Pavarotti’s 1990 concert “The Three Tenors,” where he was joined by Placido Domingo and Jose Carreras, was one of my earlier introductions to opera, and it was when I fell in love with opera. On top of having a beautiful, powerful voice that communicated emotion like no other, Pavarotti brought opera to the masses by doing “The Three Tenors” and “Pavarotti & Friends” concerts, where he sang with pop stars.
Some opined that the “Pavarotti & Friends” concerts cheapened opera. I disagree. We live in a world where we are surrounded by so much easier, more accessible entertainment choices than sitting through a two-hour opera composed two centuries years ago, sung in a foreign language. Pavarotti’s concerts brought opera to people who otherwise would have never experienced it.
In fact, these concerts were ingenious; they pointed up the incredible contrast between pop music and opera. As much as I love, let’s say, Sting or Queen’s Brian May, their voices are so easily overshadowed by the power of Pavarotti, who lives in a different vocal universe.
Pavarotti’s popular concerts made the world a better place and introduced millions (including yours truly) to opera and changed their lives forever.
As I was browsing through Pavarotti’s videos I stumbled on this incredible video of Luciano Pavarotti signing with his father.
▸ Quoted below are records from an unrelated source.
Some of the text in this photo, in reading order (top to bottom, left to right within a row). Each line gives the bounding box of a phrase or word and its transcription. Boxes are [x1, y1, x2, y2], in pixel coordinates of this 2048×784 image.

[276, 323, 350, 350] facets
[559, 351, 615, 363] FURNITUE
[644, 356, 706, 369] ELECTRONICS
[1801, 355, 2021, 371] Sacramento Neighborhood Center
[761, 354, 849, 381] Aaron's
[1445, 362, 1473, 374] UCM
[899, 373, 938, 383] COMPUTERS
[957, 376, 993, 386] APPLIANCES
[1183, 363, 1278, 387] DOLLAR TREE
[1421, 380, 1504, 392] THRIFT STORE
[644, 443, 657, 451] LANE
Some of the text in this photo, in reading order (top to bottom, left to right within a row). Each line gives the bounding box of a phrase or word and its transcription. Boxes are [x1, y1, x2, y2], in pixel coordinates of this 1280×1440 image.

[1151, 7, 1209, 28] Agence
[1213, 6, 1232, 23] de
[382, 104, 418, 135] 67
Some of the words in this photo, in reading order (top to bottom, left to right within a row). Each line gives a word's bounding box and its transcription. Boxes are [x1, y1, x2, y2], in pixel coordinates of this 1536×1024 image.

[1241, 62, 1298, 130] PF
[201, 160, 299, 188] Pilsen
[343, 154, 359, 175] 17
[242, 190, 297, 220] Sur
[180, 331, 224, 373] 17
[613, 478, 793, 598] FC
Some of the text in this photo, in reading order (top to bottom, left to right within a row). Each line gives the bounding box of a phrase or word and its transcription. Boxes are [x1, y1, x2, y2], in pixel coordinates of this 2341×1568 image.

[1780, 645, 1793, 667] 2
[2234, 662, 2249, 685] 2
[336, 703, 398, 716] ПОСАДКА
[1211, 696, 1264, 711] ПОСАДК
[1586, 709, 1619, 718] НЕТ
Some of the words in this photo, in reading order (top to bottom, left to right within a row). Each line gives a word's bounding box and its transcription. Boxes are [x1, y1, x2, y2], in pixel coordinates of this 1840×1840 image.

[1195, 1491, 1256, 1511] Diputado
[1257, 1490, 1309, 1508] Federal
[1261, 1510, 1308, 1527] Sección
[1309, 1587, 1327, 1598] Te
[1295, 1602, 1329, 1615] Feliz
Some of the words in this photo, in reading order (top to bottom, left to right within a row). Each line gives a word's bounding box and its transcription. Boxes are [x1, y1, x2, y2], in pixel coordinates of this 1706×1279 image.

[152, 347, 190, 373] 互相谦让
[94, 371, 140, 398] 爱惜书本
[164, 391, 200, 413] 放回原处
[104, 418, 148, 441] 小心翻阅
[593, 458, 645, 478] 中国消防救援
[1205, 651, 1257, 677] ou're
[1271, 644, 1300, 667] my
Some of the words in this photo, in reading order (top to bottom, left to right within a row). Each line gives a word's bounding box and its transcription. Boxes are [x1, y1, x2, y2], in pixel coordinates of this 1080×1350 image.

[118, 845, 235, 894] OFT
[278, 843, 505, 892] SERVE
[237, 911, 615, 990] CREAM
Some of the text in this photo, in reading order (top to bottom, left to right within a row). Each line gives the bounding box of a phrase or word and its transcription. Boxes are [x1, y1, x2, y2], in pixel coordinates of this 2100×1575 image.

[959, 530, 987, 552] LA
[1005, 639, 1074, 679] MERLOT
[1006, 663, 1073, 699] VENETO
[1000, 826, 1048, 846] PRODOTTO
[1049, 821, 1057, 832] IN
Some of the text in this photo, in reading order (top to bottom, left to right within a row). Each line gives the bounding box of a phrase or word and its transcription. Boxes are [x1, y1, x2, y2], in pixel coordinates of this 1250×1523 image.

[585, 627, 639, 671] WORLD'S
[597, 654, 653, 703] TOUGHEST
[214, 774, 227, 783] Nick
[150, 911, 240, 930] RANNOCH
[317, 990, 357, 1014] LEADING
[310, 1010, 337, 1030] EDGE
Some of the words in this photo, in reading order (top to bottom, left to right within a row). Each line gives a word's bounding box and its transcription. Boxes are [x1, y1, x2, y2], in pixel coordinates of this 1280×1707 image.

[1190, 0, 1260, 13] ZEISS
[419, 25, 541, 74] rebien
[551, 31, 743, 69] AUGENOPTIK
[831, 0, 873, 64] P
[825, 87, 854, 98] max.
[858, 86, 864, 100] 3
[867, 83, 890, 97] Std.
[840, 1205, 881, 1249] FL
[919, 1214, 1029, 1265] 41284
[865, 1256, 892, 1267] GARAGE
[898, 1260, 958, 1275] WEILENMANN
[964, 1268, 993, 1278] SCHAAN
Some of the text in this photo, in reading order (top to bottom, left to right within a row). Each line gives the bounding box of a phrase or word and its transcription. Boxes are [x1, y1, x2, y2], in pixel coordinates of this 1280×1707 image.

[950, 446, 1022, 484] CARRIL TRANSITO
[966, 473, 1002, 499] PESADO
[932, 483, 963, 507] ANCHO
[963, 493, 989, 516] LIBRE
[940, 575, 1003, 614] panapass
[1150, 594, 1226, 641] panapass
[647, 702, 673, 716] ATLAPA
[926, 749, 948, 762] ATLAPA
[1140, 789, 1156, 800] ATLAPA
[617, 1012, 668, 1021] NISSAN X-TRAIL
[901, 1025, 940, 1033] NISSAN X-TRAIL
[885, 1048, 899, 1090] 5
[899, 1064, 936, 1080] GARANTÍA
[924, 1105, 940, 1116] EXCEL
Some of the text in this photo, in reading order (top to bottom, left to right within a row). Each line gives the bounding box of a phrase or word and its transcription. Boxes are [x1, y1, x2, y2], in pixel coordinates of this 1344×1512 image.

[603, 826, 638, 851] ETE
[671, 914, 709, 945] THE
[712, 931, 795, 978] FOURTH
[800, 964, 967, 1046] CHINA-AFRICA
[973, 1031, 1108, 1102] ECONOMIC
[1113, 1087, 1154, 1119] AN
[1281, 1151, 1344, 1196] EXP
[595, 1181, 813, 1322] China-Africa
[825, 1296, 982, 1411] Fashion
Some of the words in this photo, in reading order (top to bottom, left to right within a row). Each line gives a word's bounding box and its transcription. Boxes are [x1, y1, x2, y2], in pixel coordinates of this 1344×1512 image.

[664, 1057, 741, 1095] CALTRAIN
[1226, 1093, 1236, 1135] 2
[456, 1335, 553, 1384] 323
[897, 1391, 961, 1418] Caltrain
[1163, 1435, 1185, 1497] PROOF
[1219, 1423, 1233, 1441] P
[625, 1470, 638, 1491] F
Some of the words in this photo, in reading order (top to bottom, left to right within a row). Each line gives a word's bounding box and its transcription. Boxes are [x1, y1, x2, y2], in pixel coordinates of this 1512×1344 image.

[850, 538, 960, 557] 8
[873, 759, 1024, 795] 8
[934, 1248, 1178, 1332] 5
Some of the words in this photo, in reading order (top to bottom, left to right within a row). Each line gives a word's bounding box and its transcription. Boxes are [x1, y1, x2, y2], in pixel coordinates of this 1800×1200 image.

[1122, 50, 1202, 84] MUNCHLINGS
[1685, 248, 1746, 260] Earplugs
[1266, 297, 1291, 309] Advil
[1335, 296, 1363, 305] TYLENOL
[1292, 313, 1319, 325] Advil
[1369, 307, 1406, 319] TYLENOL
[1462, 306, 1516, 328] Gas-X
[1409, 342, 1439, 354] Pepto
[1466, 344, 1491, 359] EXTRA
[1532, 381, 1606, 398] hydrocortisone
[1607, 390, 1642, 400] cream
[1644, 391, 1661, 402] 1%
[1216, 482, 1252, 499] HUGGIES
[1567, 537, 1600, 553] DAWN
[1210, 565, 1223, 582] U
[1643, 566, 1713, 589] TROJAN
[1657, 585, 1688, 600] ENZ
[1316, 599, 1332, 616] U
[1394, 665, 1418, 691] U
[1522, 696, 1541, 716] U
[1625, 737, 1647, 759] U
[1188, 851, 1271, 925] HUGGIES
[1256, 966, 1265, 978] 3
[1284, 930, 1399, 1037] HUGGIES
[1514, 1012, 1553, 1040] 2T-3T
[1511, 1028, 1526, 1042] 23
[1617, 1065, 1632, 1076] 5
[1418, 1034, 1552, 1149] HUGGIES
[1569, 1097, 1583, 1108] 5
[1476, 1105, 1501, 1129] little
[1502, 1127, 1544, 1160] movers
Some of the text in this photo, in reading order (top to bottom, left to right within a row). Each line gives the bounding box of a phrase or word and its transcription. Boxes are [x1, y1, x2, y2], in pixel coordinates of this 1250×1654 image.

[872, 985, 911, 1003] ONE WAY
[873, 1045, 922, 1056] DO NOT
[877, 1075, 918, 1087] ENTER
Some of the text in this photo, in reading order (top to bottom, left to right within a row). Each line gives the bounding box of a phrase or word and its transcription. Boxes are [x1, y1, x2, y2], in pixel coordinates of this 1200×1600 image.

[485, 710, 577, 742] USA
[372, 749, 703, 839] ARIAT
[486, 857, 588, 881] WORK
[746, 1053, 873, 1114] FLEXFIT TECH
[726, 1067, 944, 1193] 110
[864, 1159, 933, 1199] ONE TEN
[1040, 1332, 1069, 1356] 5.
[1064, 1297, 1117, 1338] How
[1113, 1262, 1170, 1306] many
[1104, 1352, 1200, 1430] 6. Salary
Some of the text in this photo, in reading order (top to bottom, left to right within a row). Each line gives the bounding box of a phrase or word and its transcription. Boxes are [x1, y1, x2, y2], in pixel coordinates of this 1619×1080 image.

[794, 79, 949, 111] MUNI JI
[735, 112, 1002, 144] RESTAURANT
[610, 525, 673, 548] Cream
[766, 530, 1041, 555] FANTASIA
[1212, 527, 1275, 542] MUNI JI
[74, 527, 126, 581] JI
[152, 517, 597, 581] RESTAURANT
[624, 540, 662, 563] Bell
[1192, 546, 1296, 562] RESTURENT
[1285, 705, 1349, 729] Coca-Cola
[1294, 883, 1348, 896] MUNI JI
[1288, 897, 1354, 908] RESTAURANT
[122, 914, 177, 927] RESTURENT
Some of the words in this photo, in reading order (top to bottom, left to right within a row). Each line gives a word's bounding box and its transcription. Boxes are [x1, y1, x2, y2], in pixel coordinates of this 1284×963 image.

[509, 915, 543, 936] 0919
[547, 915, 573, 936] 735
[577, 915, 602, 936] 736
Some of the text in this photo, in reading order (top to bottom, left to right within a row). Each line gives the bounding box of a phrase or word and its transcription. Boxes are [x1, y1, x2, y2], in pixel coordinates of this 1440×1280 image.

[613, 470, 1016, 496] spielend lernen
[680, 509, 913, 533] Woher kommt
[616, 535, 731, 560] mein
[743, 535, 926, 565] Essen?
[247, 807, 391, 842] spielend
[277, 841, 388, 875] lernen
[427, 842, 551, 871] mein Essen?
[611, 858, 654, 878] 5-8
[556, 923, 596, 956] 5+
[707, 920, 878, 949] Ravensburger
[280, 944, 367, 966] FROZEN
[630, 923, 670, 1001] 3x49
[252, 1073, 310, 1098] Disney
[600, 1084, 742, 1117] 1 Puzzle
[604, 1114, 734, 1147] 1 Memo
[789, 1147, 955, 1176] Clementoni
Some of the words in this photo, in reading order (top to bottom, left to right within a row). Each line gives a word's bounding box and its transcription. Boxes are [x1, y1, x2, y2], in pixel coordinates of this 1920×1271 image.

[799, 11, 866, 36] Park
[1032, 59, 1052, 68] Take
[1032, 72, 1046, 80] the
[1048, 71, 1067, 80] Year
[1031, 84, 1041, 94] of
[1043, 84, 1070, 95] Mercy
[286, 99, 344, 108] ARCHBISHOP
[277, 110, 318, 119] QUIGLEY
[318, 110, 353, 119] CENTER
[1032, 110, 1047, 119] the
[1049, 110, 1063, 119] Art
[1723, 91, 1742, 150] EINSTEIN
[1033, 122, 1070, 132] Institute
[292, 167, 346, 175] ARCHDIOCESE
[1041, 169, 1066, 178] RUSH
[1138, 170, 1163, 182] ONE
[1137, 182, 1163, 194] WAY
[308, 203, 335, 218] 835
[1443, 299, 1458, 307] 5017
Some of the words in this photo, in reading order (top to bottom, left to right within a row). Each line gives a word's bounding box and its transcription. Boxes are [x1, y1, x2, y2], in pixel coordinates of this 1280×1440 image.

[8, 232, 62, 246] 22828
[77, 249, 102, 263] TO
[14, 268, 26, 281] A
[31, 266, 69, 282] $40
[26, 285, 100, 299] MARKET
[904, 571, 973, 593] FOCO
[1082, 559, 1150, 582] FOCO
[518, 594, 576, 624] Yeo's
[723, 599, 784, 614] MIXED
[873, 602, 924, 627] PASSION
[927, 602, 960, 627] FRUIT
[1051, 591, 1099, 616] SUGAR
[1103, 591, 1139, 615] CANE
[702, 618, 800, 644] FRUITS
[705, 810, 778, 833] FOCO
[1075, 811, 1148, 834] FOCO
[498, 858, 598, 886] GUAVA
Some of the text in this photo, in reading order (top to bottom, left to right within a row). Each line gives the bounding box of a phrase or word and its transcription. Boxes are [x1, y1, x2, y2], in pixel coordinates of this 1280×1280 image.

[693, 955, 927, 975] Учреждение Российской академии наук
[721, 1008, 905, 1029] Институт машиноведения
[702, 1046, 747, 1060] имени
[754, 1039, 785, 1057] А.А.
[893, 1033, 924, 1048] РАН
Vitaliy Katsenelson is the CEO at IMA, a value investing firm in Denver. He has written two books on investing, which were published by John Wiley & Sons and have been translated into eight languages. Soul in the Game: The Art of a Meaningful Life (Harriman House, 2022) is his first non-investing book. You can get unpublished bonus chapters by forwarding your purchase receipt to bonus@soulinthegame.net.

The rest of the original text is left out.